Schmidt started the 2013–14 season with the Bears but was called up to the Capitals after just one game. He made his NHL debut on October 12, 2013, against the Colorado Avalanche. He scored his first NHL goal on December 7, 2013, against Marek Mazanec of the Nashville Predators. Schmidt was reassigned to Hershey on December 15, 2013.

====Vegas Golden Knights (2017-2018)====
After four seasons with the Capitals, Schmidt was left exposed by the club in the 2017 NHL Expansion Draft. He was selected by the Vegas Golden Knights on June 21, 2017. After going to an arbitrator in August, Schmidt signed a two-year, $4.45 million contract with the Golden Knights. During his first season with the team, Schmidt found success, putting up career high numbers in points and leading the Golden Knights in average playing time. He helped lead the Golden Knights to the 2018 Stanley Cup playoffs in their inaugural season, only to lose in the Stanley Cup Final to his former team.

Prior to the 2018–19 season, Schmidt was suspended 20 games for violating the NHL's performance-enhancing drug use policy. He appealed his suspension, but the arbitrator upheld it. On October 25, while serving his suspension, the Golden Knights signed Schmidt to a six-year, $35.8 million extension.

==== Vancouver Canucks (2020-2021) ====
On October 12, 2020, Schmidt was traded by the Vegas Golden Knights to the Vancouver Canucks for a third-round pick in the 2022 NHL entry draft. He stated his unhappiness following the trade, citing a lack of communication with Vegas management and calling it "a tough pill to swallow".

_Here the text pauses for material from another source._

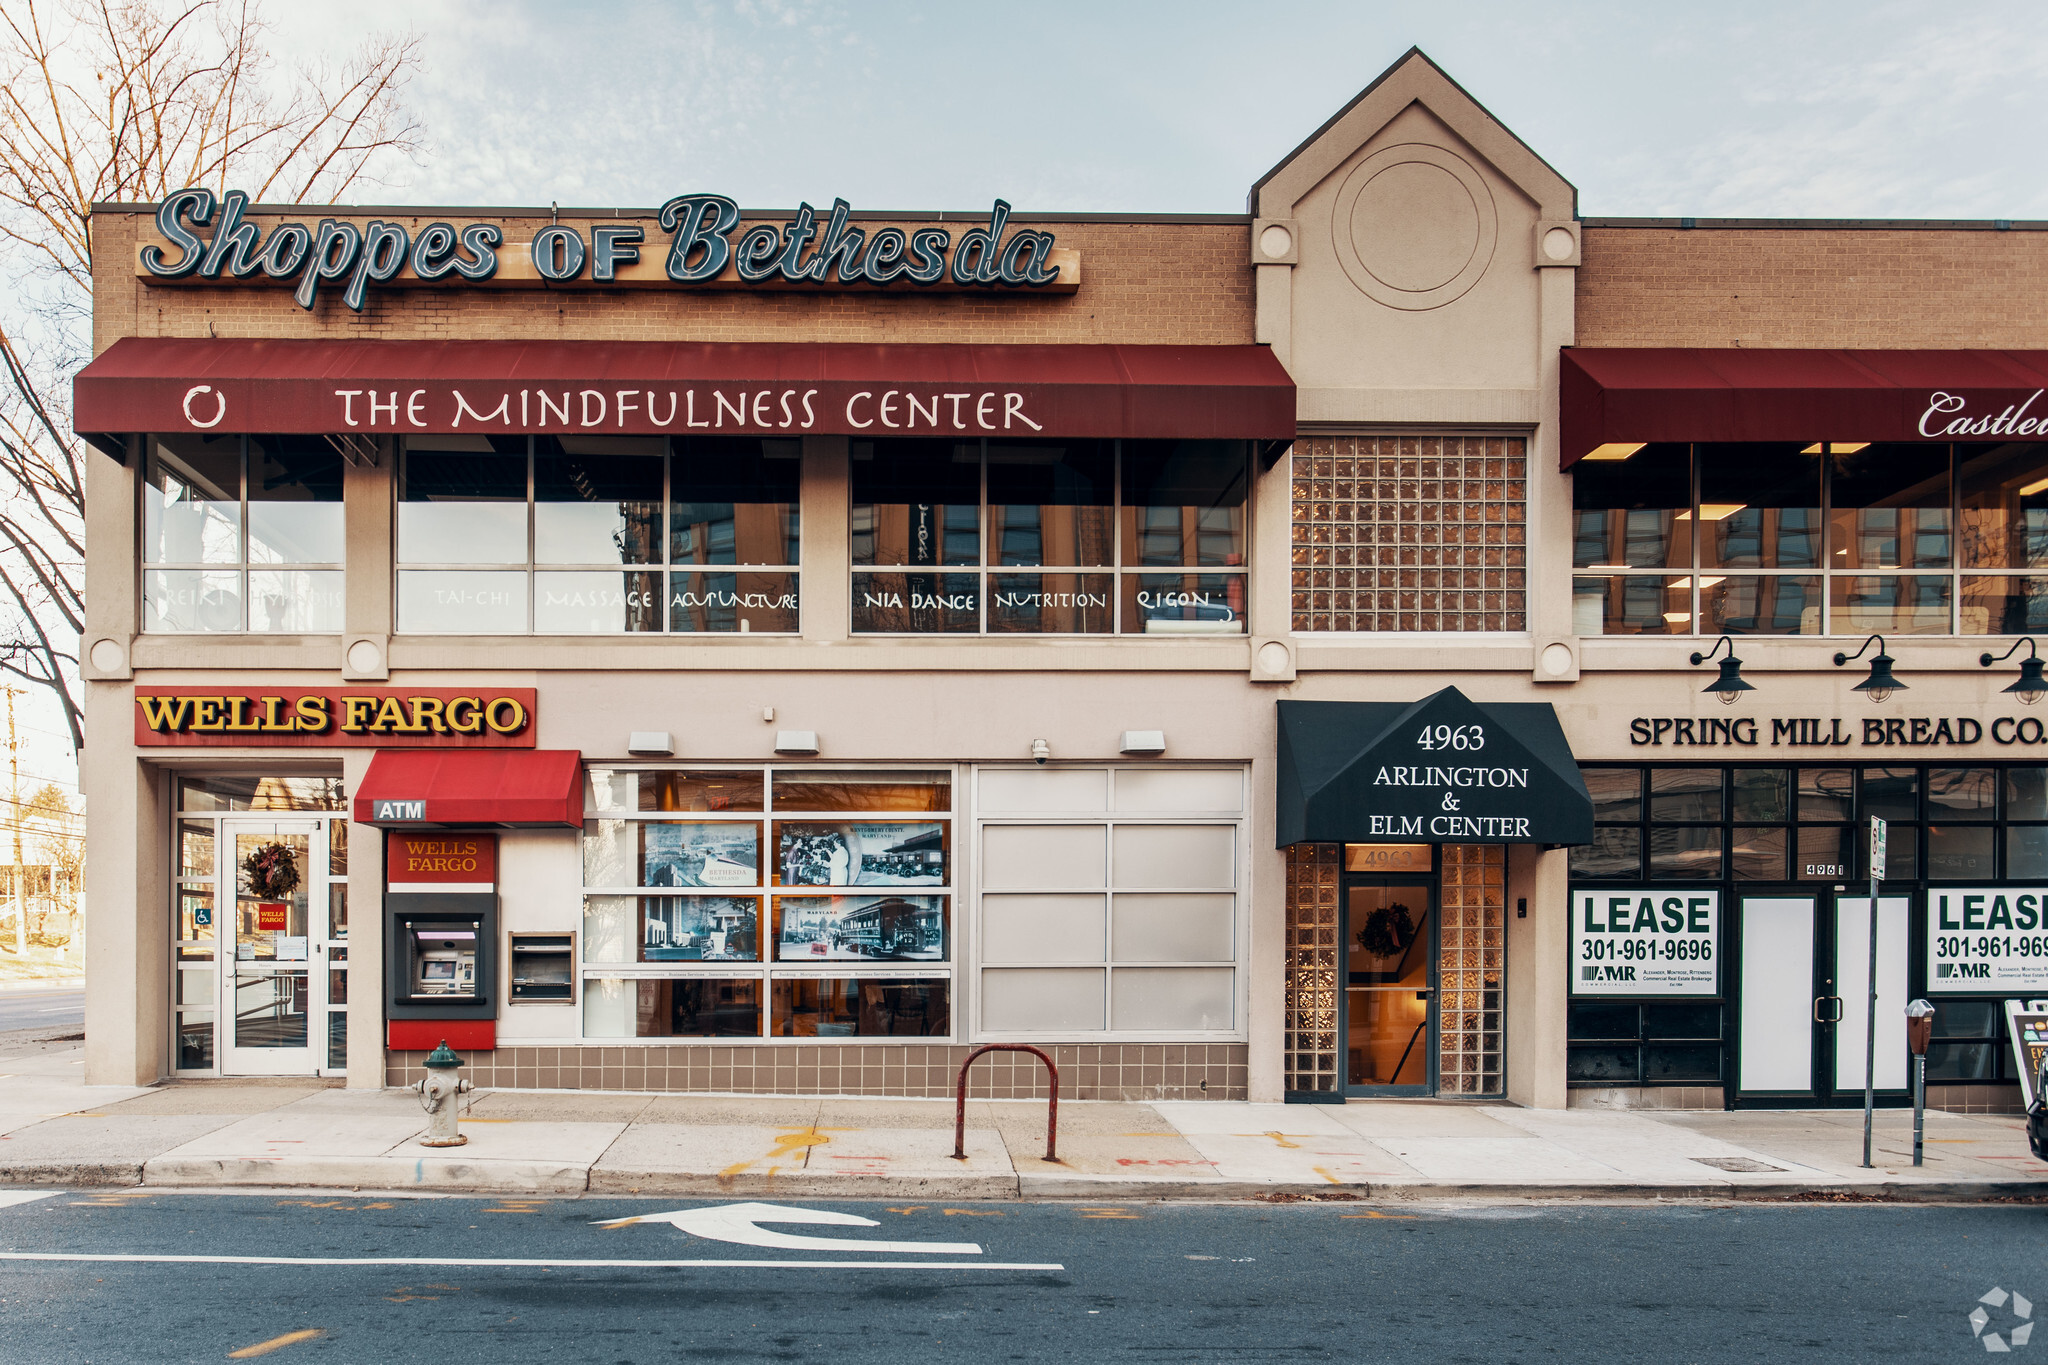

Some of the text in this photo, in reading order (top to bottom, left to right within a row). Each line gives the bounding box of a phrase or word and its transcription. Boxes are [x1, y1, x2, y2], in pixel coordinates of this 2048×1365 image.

====Winnipeg Jets (2021-2024)====
On July 27, 2021, Schmidt was traded to the Winnipeg Jets in exchange for a third-round pick in 2022. Upon joining the Jets, Schmidt praised the Jets defense for being "physical" and their ability to skate and "get up in the play." Schmidt and his defensive partner Neal Pionk began the season strong by tallying six assists in their first six games. This offensive output continued into early November with Schmidt leading the Jets in scoring at home with eight assists and sharing the team leading plus-minus at home with plus-seven. Upon scoring his first goal of the season on November 11, 2021, Schmidt matched his points total from the entire 2020–21 campaign with 10 points. Despite Schmidt's production, the Jets defense struggled to gain points, and their power play was held a 1-for-22 record by late November. As such, Schmidt was moved to their second power play unit alongside Josh Morrissey. Schmidt ended the month of December by missing one game and two practices due to a non-COVID related illness. Following the winter holidays, Schmidt was paired with Logan Stanley instead of his usual partner Josh Morrissey. As the Jets were eliminated from the 2022 Stanley Cup playoffs, Schmidt was named to Team USA for the 2022 IIHF World Championship.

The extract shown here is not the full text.